Sam couldn't help but smile at the thought of Luc and Gabriel earning the honor of being sent to the principal's office after just two weeks at their new school.

"What high school did you go to?" he asked, holding back the urge to ask what they had done to deserve such a welcome.

"Lincoln High. You?"

"Washington High, like my brother," Sam answered, then leaning a little more toward him. "Tell me about that day. The day you met him."

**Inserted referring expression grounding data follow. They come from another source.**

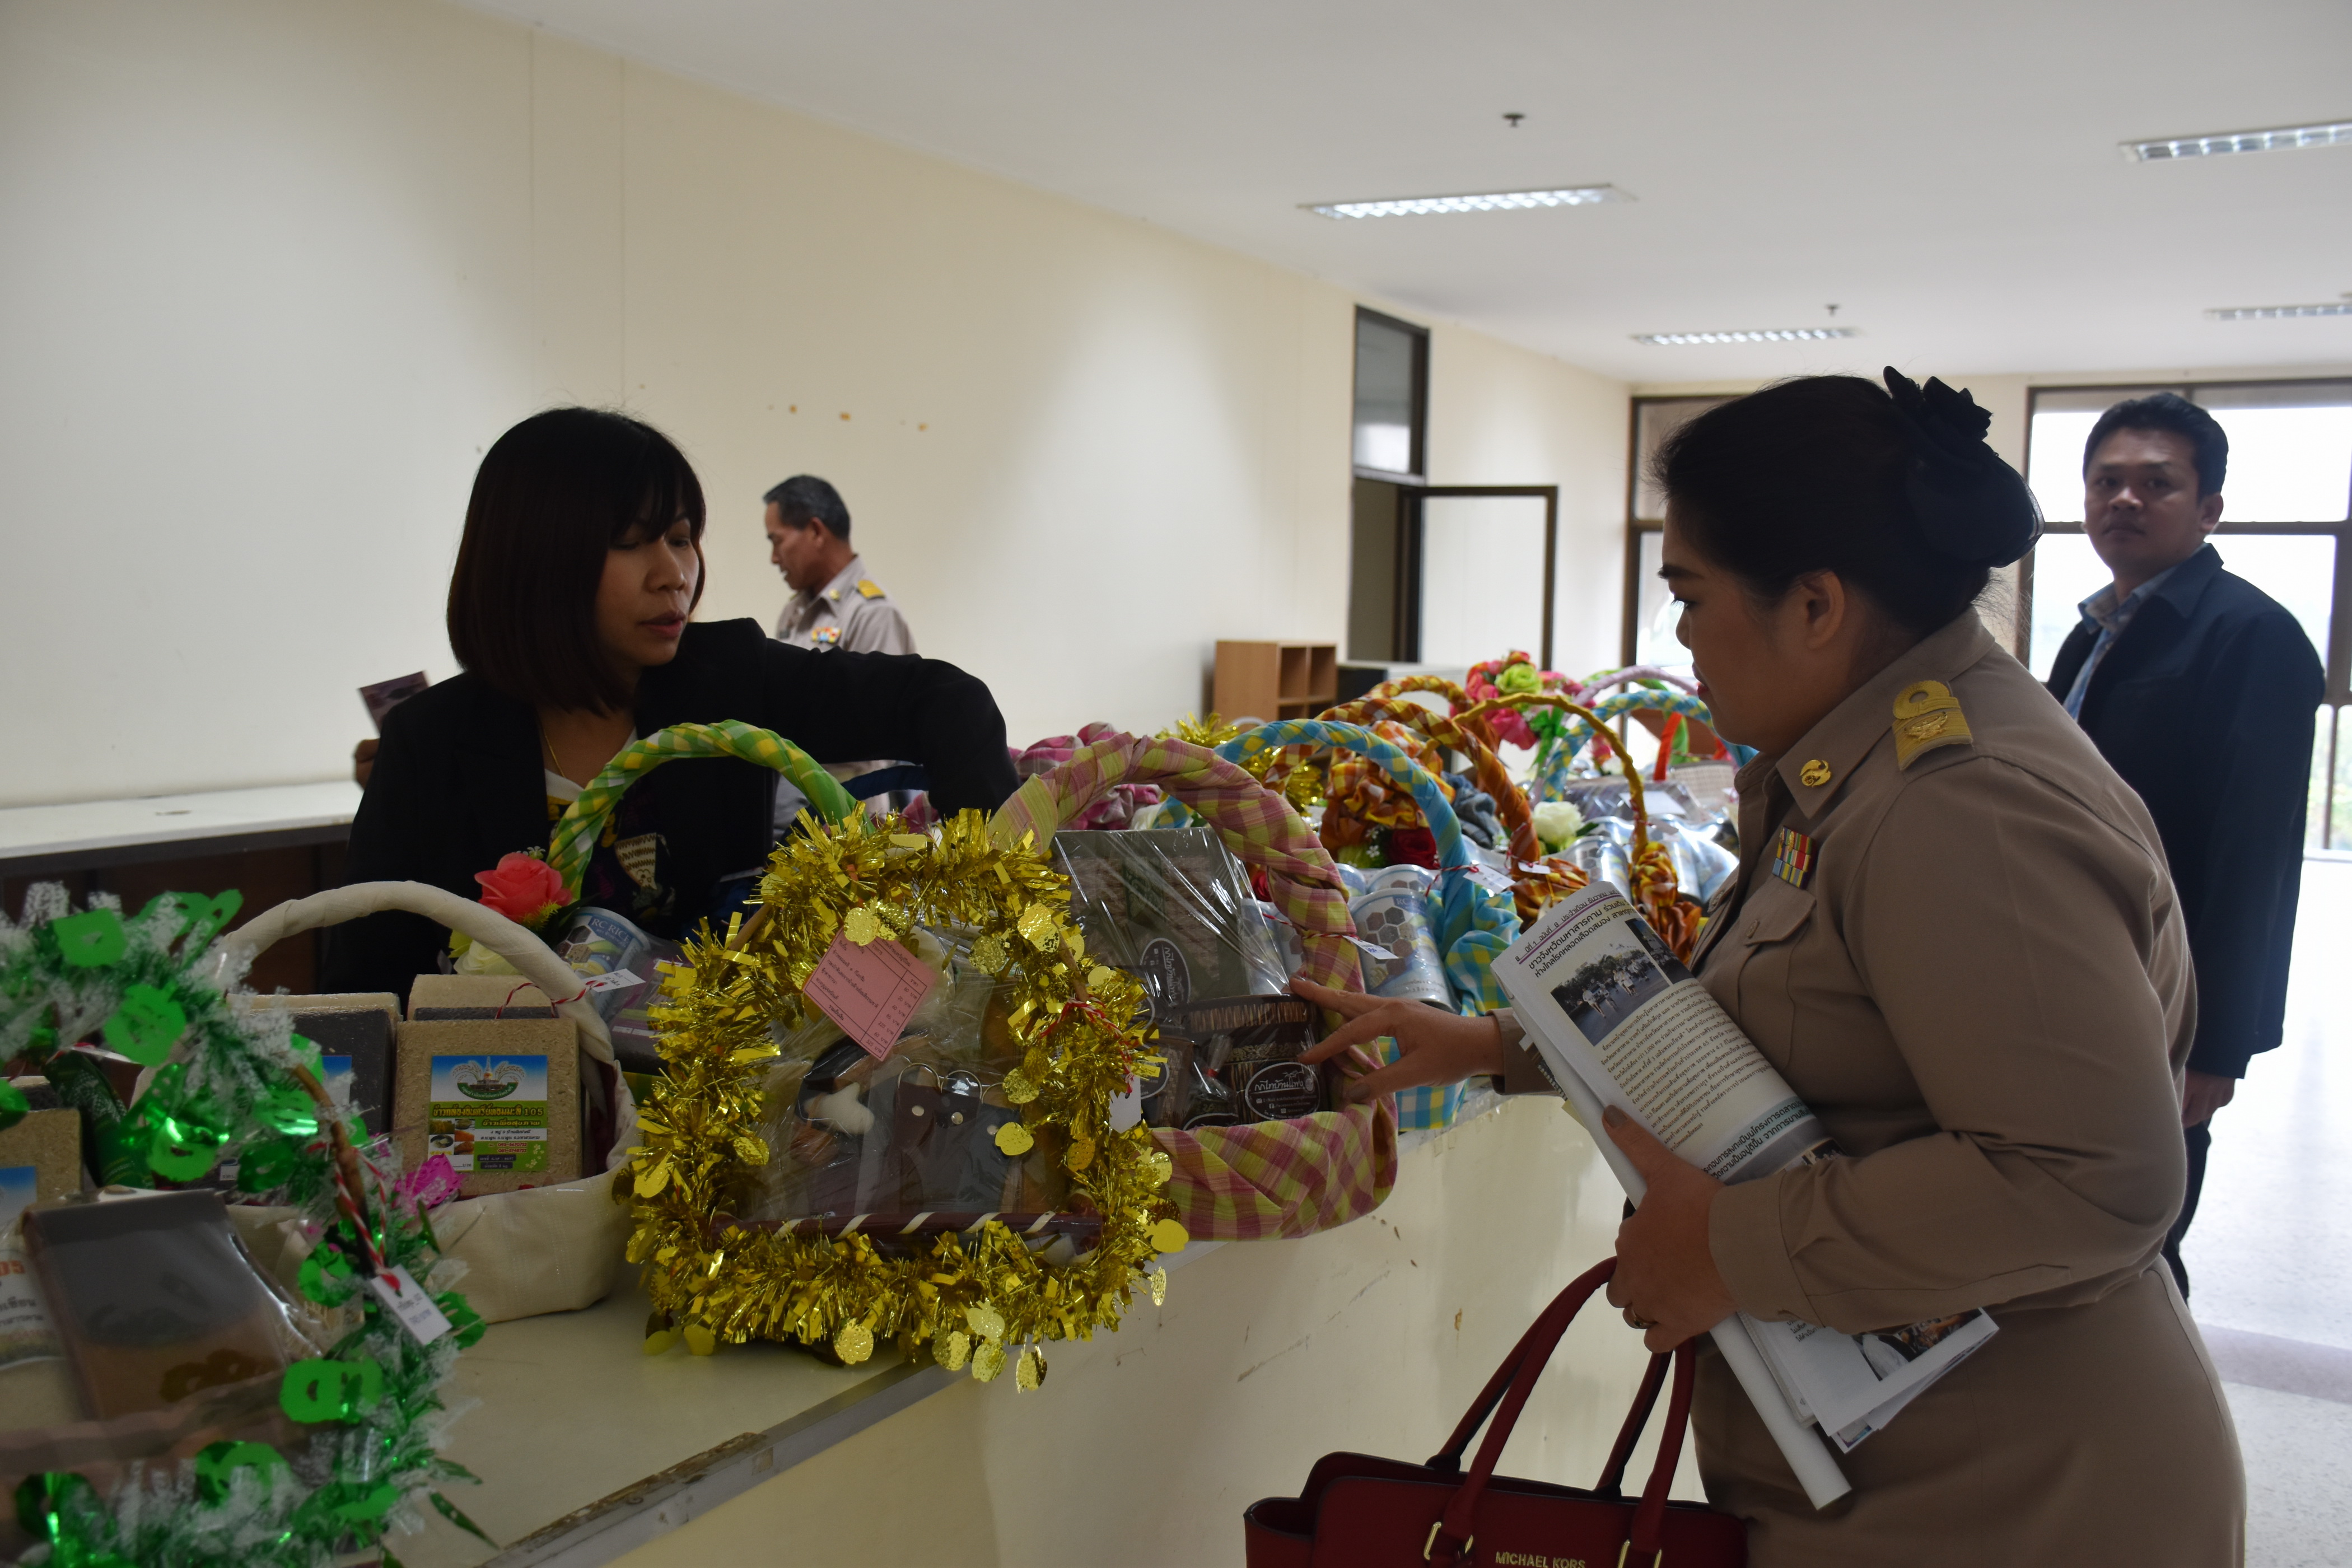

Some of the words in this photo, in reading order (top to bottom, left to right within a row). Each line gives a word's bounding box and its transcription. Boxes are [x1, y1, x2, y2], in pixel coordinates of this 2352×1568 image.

[591, 917, 608, 929] RC
[608, 923, 632, 942] RICE
[1523, 942, 1532, 953] ปีที่
[1537, 925, 1552, 941] ฉบับที่
[1561, 900, 1587, 922] ประจำเดือน
[1587, 891, 1607, 903] ธันวาคม
[1528, 908, 1602, 969] ชาวจังหวัดมหาสารคาม
[1603, 899, 1625, 912] ร่วมเดิน
[1534, 914, 1611, 978] ห่างไกลโรคหลอดเลือดสมอง
[909, 992, 918, 1000] บาท
[1661, 1006, 1670, 1014] และ
[1709, 1030, 1724, 1042] จังหวัด
[1644, 1043, 1655, 1054] 1,000
[1696, 1048, 1715, 1063] ระยะทาง
[483, 1118, 542, 1128] ข้าวเพื่อสุขภาพ
[1495, 1551, 1548, 1568] MICHAEL
[1552, 1557, 1585, 1568] KORS
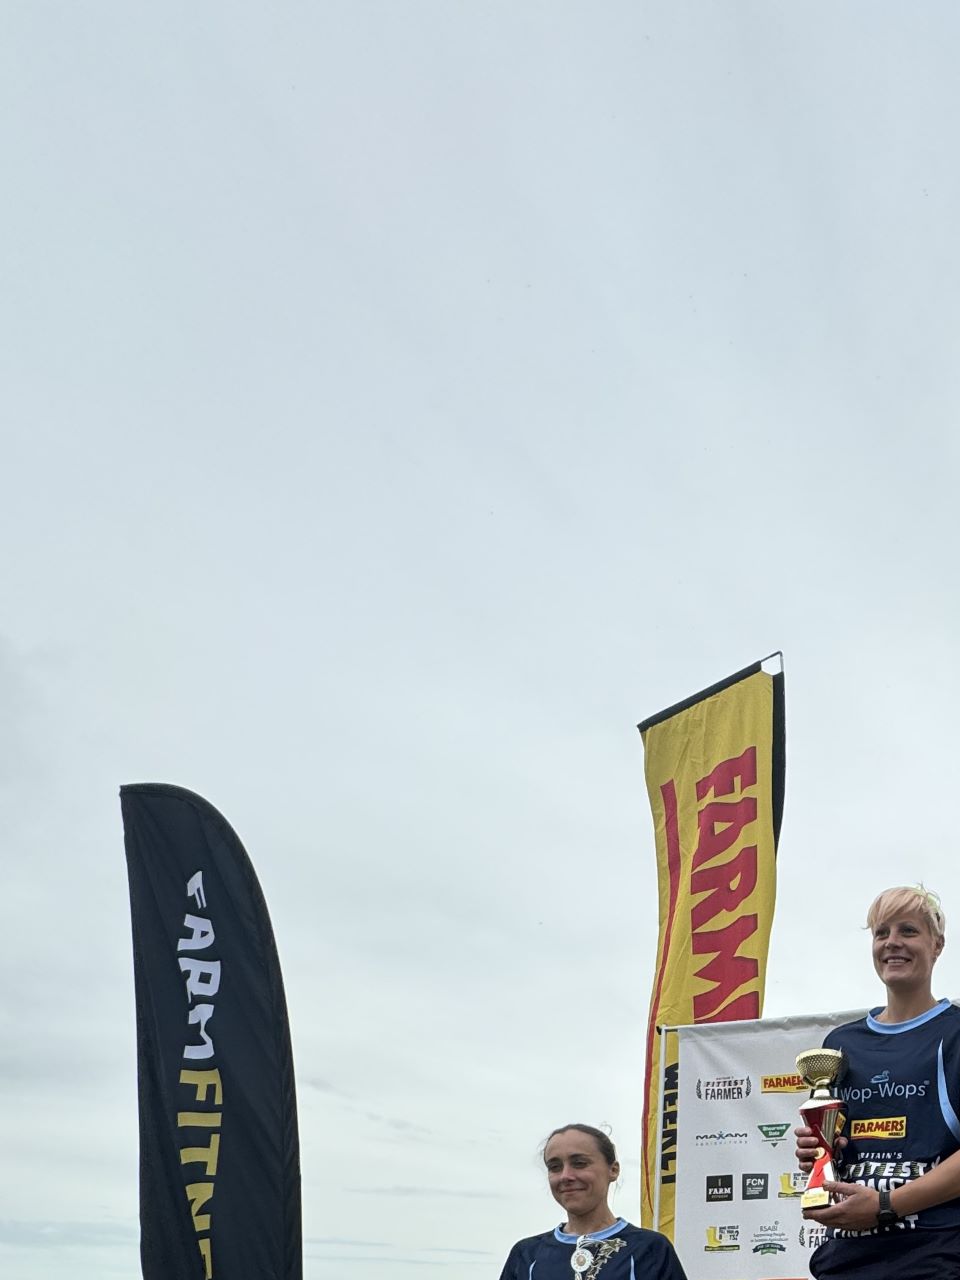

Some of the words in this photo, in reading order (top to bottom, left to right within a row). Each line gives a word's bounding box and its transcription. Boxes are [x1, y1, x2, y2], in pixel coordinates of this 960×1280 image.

Gabriel reacted to his enthusiasm with the same condescending smile he would have given to a child who gets excited about an improvised treasure hunt with a fake pirate map. It seemed to Sam that he was about to add an unpleasant warning, but in the end Gabe settled with another sigh.

"Yes," he agreed, "it looks like a good place to start explaining how things went."

- September 16, 1992 -

- Lincoln High School, Sioux Falls -

The first thing you need to know is that Gabriel was not sorry.

There had been several choices, in the past, which he had regretted – always for the consequences they had caused – but consuming a well-deserved and hilarious revenge against his French literature teacher was not among them. With her dictatorial attitude in class, that witch had practically begged him to become a target.

And it wasn't like it was the 1930s. A visit to the principal's office, in cases like his, meant a lecture, a slap on the wrist at most. They certainly wouldn't have suspended him for the first prank he put together, not when they still didn't know him at that school.

Wait, Gabriel thought all of a sudden, stopping abruptly as he walked on the empty corridors of the school after the last bell of the day. They can't possibly have my junior high records, can they?

Oh well, it didn't matter. If they had got to call his mother, she would have probably pretended to be serious on the phone, then laughed with him at the prank he played on the teacher once his son got home. Oh, and then she would have taken comics and television away from him for a week. But it would have still been totally worth it, right?

So Gabriel wasn't particularly tense as he walked into the anteroom that served as the waiting room for the headmaster's office. He took a quick glance at the horrible color of the walls and at the ornamental plants standing in the four corners of the room and observed for a couple of more seconds the only other person there: a boy who had to be about his age was sitting, straight and rigid, on one of the three plastic chairs available. His hair was a lighter blond than Gabriel's, his face a taut mask hidden in the shadows, and with his fingers he was clutching his knees hard enough to hurt himself. Gabe considered all of this before dropping into the chair next to him and assuming a relaxed pose which was much less suited to the place and situation.